Enrico Gallozzi, presidente Rari Nantes, denuncia lo stato critico dello sport a Salerno durante il passaggio della torcia olimpica, dalla piscina chiusa allo stadio Vestuti. Lo riporta SalernoNotizie.
Gallozzi e la torcia olimpica: “Lo sport a Salerno è in coma”
Approfittando del passaggio della torcia olimpica a Salerno, Enrico Gallozzi, presidente della Rari Nantes, ha affidato ai social una riflessione che unisce poesia civile e denuncia: «Hai avuto coraggio a passare di qui», scrive rivolgendosi alla fiamma, simbolo universale di sport e rinascita. Il percorso della staffetta diventa una mappa dei problemi sportivi cittadini: dalla zona della Carnale, con una piscina chiusa e abbandonata dopo oltre vent’anni di attività, al pattinodromo sbarrato e al campo da tennis interdetto per pericolo di crollo.
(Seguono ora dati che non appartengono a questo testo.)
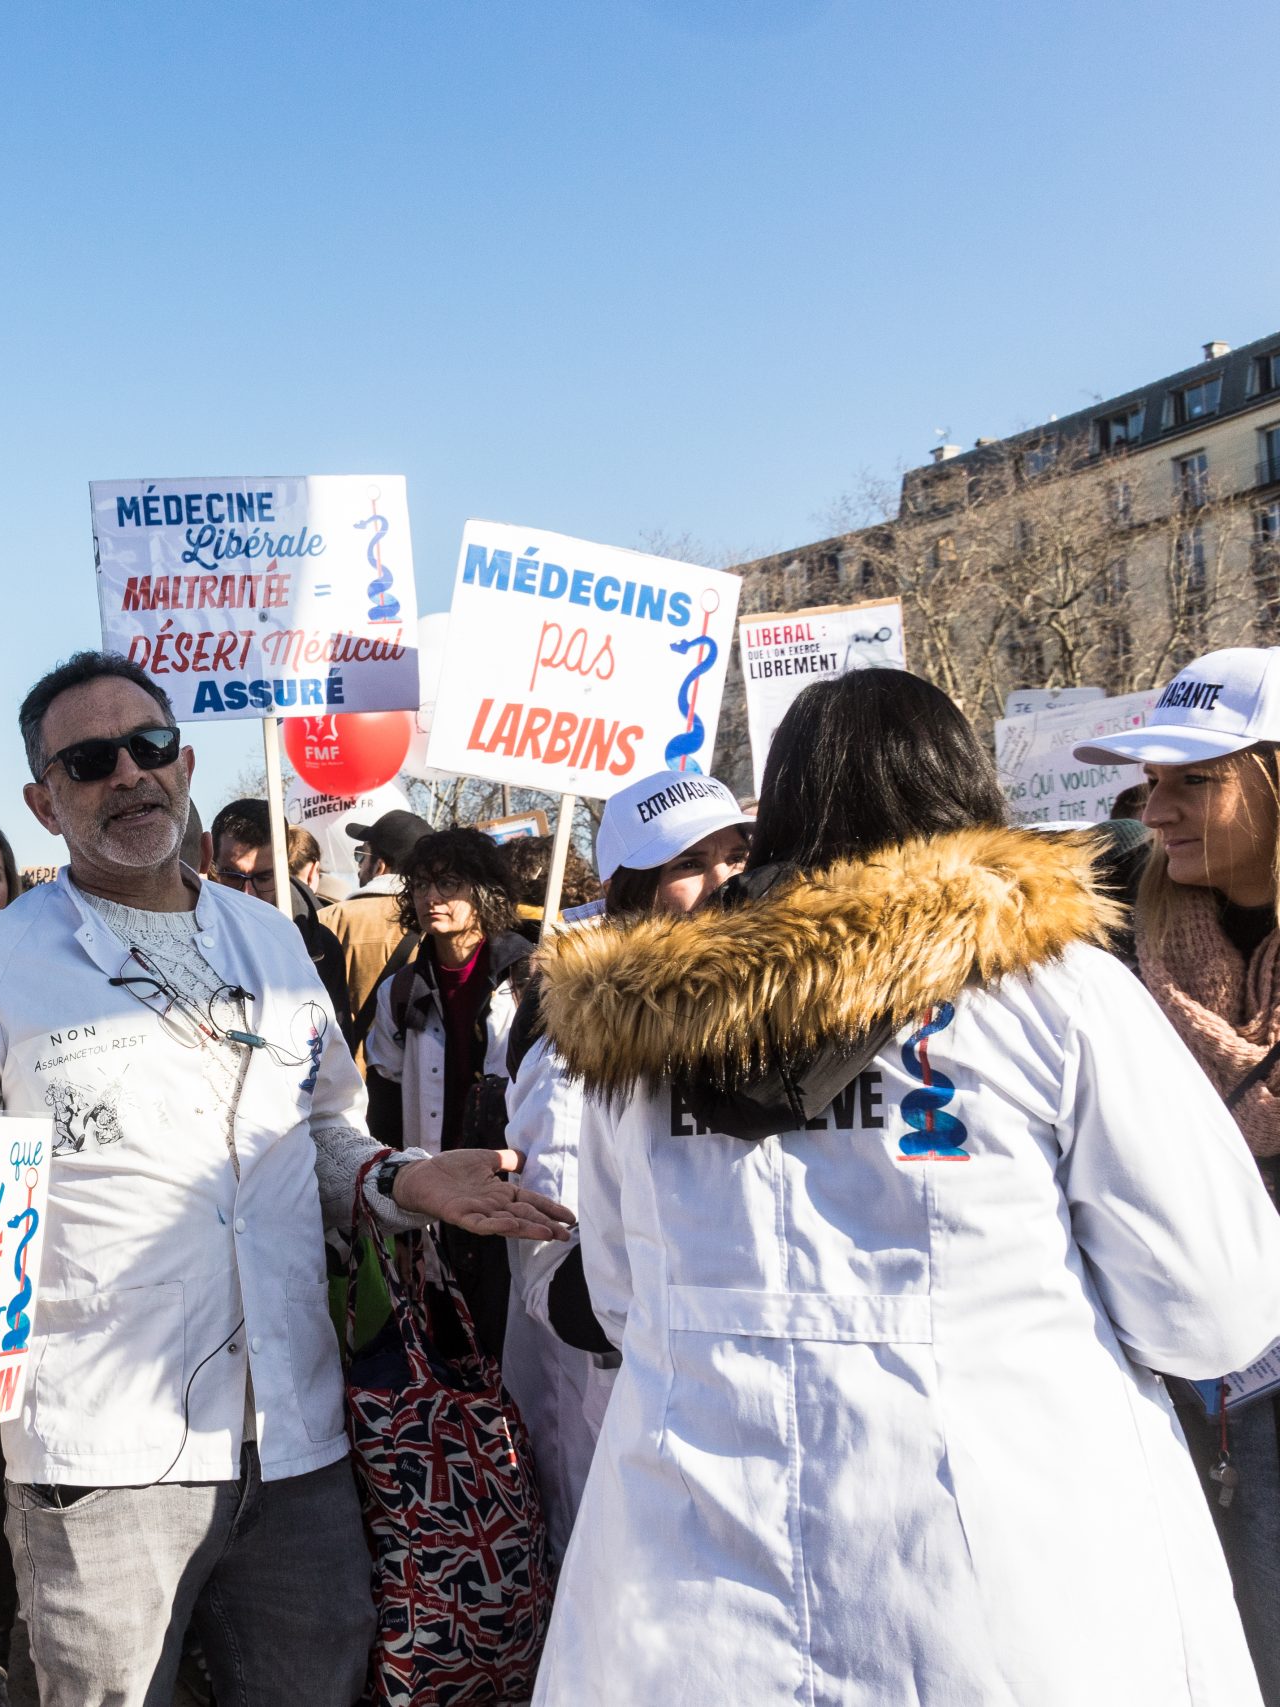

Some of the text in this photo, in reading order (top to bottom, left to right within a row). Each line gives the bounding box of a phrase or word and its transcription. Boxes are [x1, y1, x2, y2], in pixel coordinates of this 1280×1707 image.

La situazione peggiora rapidamente percorrendo pochi metri. Lo sguardo di Gallozzi si posa poi sullo stadio Vestuti, con spalti e spogliatoi in condizioni critiche, e sul Palatulimieri, teatro della fine dell’hockey a rotelle. Resiste solo la pallamano femminile, ospitata in una palestra militare.
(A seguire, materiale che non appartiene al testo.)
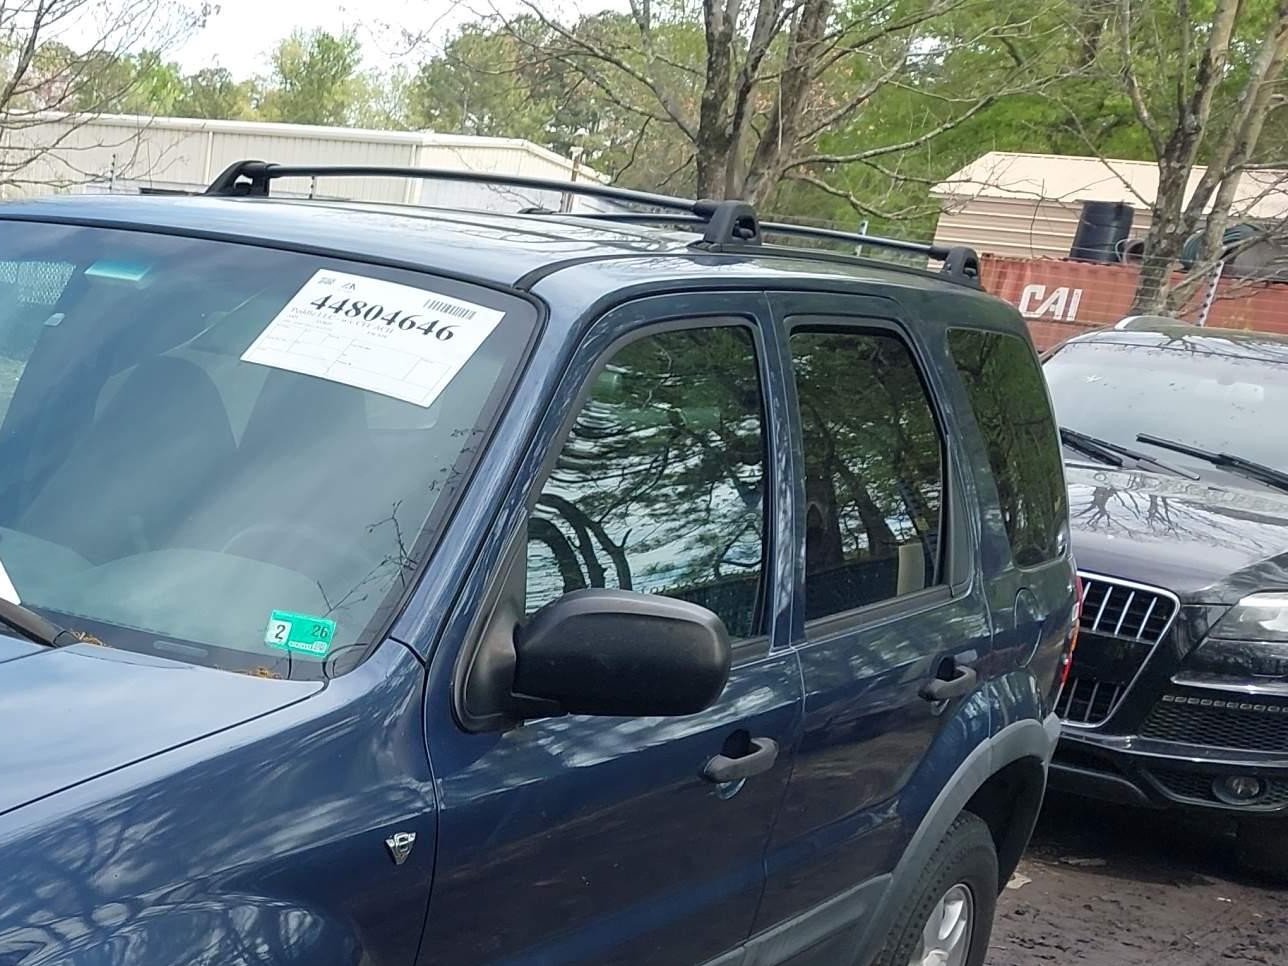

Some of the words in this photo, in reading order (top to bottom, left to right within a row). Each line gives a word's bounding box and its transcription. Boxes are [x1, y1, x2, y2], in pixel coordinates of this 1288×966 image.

Nel mirino finiscono anche l’Arechi, tra lavori annunciati e dubbi mai chiariti, e il Volpe, richiamato simbolicamente come appello finale. Senza nominarle direttamente, Gallozzi chiama in causa Comune e istituzioni regionali, con un verdetto netto: lo sport a Salerno è “in coma farmacologico”. L’ultima speranza, scrive, resta affidata a una fiamma capace di illuminare coscienze distratte.